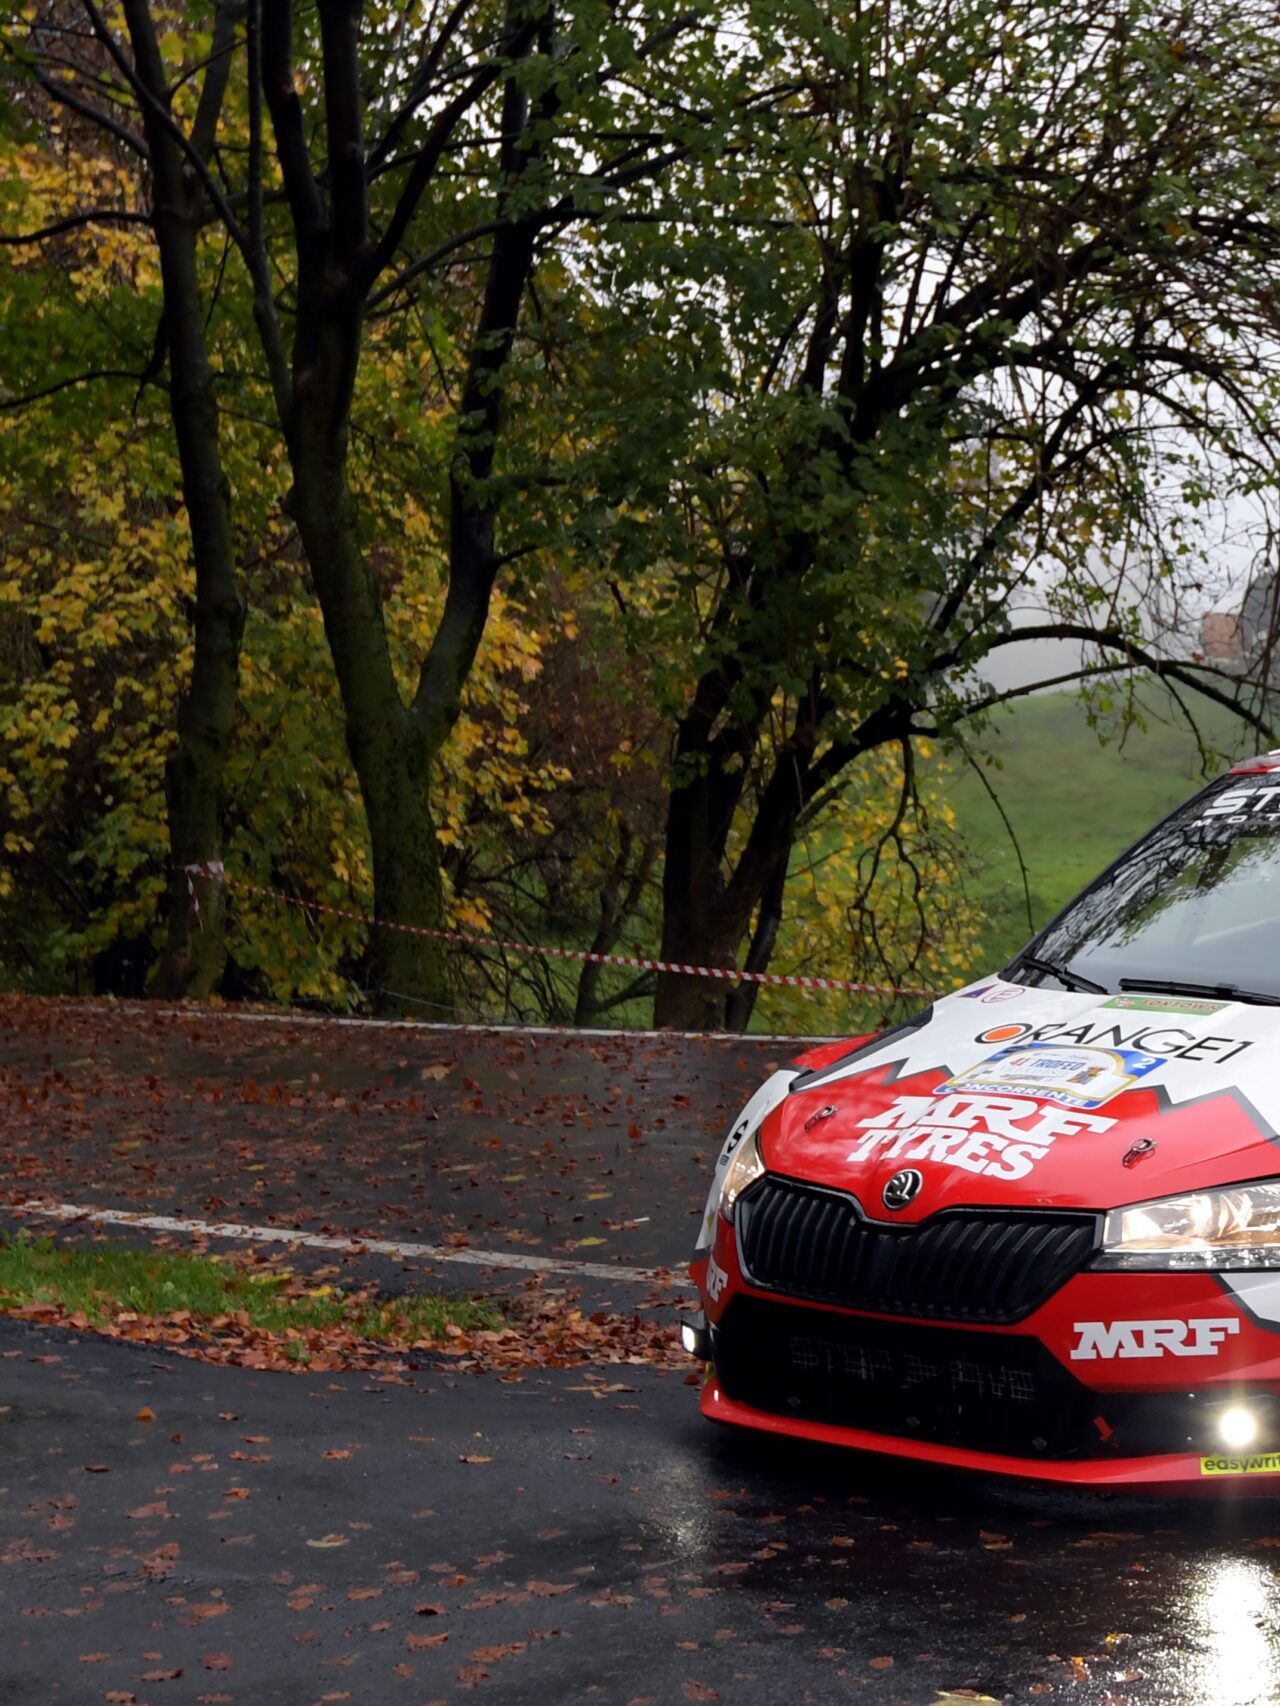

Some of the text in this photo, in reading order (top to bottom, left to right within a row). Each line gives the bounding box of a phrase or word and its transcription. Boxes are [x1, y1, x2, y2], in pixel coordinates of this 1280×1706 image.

[974, 1021, 1255, 1064] ORANGE1
[1132, 1057, 1158, 1070] 2
[855, 1093, 1119, 1146] MRF
[846, 1126, 1051, 1181] TYRES
[1070, 1318, 1240, 1360] MRF
_ _ _
TO DO
Write every line above out again exactly; pictures do not belong in the copy.

EXERCISE ANSWER
Some of the text in this photo, in reading order (top to bottom, left to right within a row). Each line gives the bounding box of a phrase or word and its transcription. Boxes are [x1, y1, x2, y2], in pixel coordinates of this 1280×1706 image.

[974, 1021, 1255, 1064] ORANGE1
[1132, 1057, 1158, 1070] 2
[855, 1093, 1119, 1146] MRF
[846, 1126, 1051, 1181] TYRES
[1070, 1318, 1240, 1360] MRF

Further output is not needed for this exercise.